The German research group LAION, known for developing the dataset behind Stable Diffusion and various other AI models, has unveiled a refreshed dataset, asserting it has meticulously eliminated any connections to suspected child sexual abuse material (CSAM).
This updated collection, dubbed Re-LAION-5B, represents an enhanced version of the original LAION-5B dataset, refined based on guidance from entities such as the Internet Watch Foundation, Human Rights Watch, the Canadian Center for Child Protection, and the since-dissolved Stanford Internet Observatory. It is offered in two variants: Re-LAION-5B Research and Re-LAION-5B Research-Safe, the latter of which also expunges additional NSFW elements. According to LAION, both sets were sifted to exclude thousands of links associated with known and potentially suspect CSAM.
“From its inception, LAION has been dedicated to excising illegal materials from its datasets, employing effective measures right from the start,” LAION stated in a blog entry. “LAION upholds a strict policy to expunge unlawful content immediately upon discovery.”
It’s crucial to understand that the datasets from LAION do not — and have never — contained direct images. Instead, they compile indexes of image links and alternative texts, all sourced from a separate collection, the Common Crawl, which aggregates content from various websites and web pages.
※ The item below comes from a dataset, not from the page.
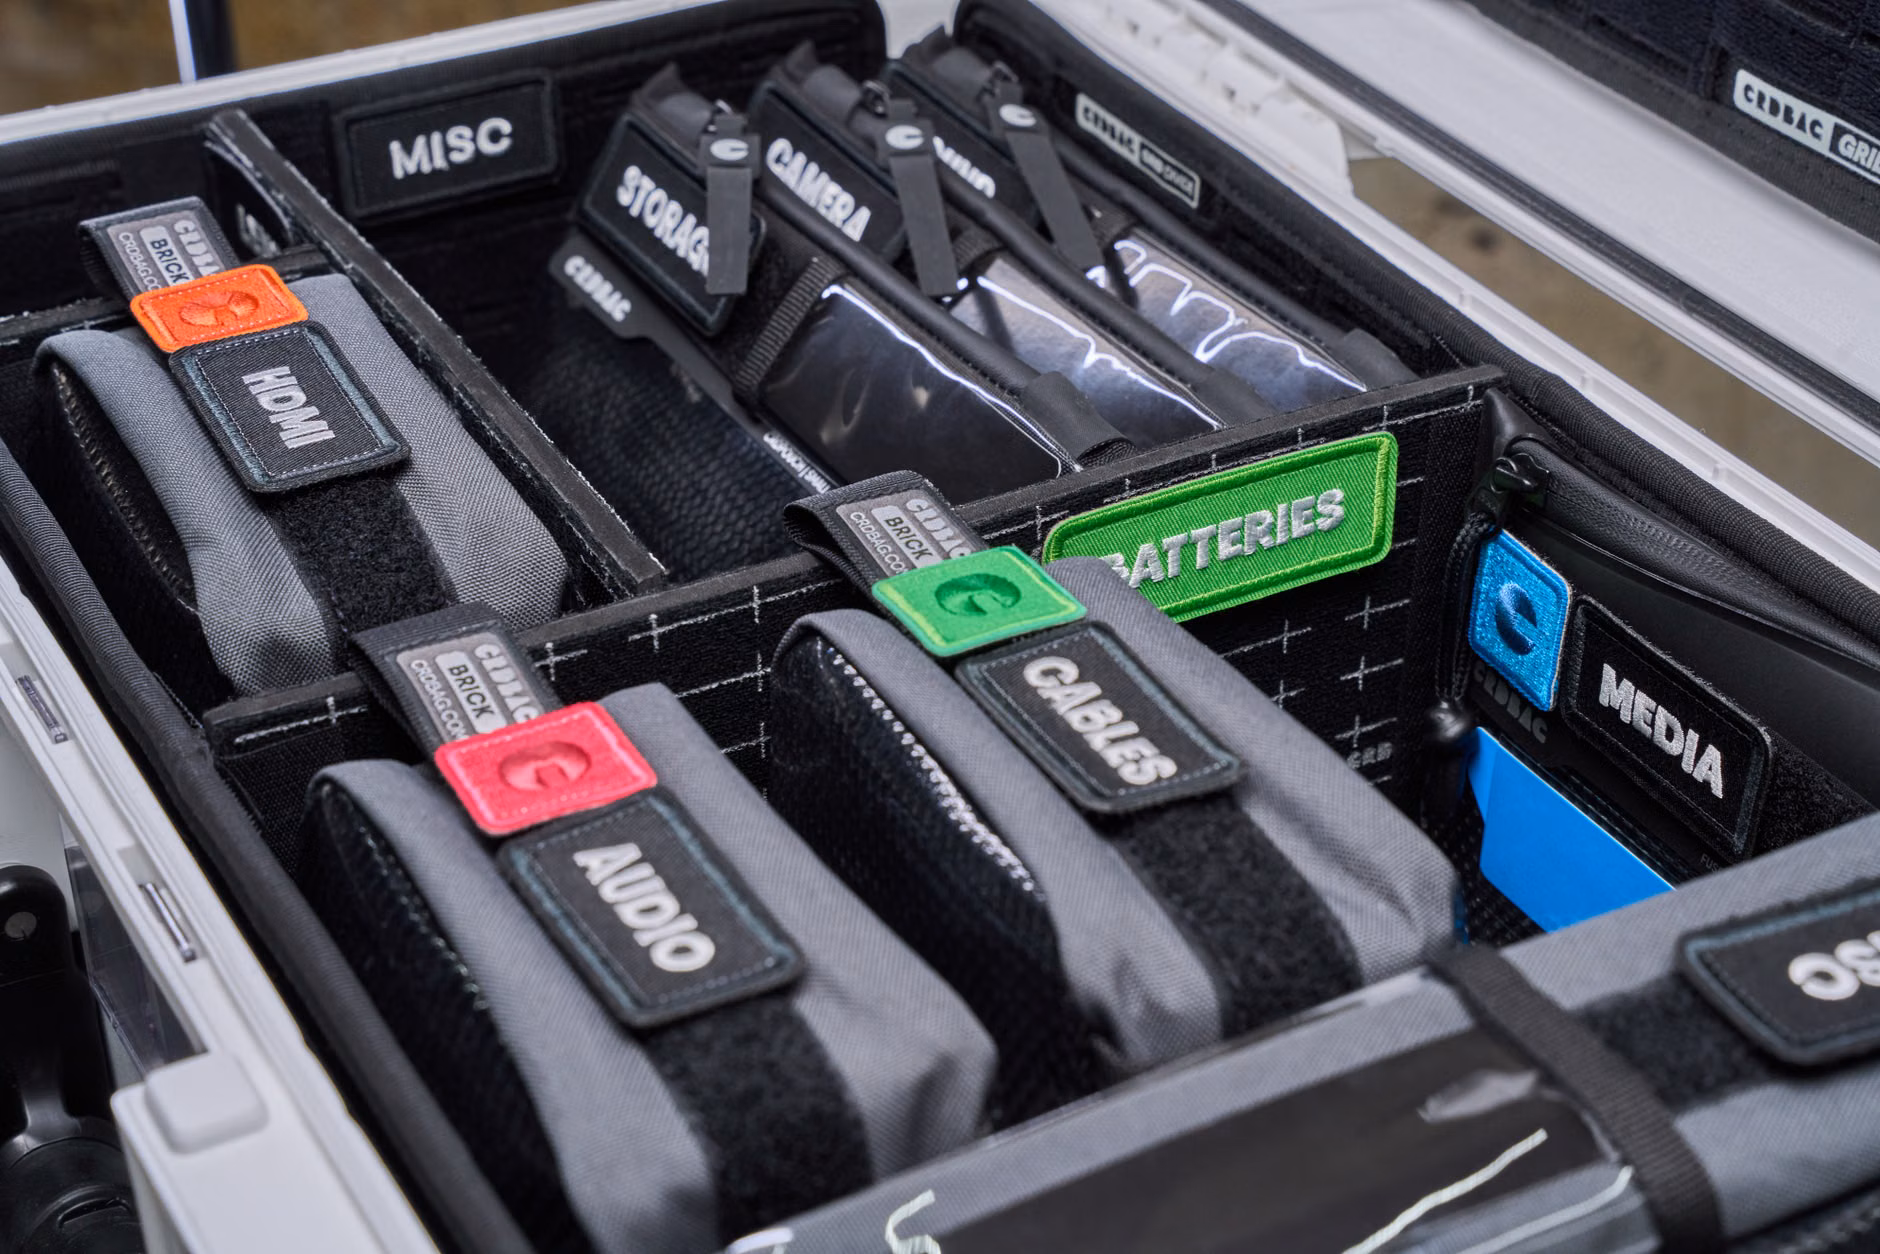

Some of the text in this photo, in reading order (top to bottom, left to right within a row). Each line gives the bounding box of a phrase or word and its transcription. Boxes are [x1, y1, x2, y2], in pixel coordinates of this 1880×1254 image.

The Re-LAION-5B’s launch follows a probing analysis by the Stanford Internet Observatory in December 2023, revealing that the original LAION-5B dataset, specifically a segment designated LAION-5B 400M, contained over 1,679 links to illegal imagery derived from social media and prominent adult content platforms. The study highlighted that the 400M segment also housed links to a plethora of objectionable content, ranging from explicit images to racial derogations and damaging societal stereotypes.
Although the Stanford investigation acknowledged the challenges in sanitizing the dataset and the indirect impact of CSAM on the trained models’ output, LAION opted to temporarily withdraw the LAION-5B from availability.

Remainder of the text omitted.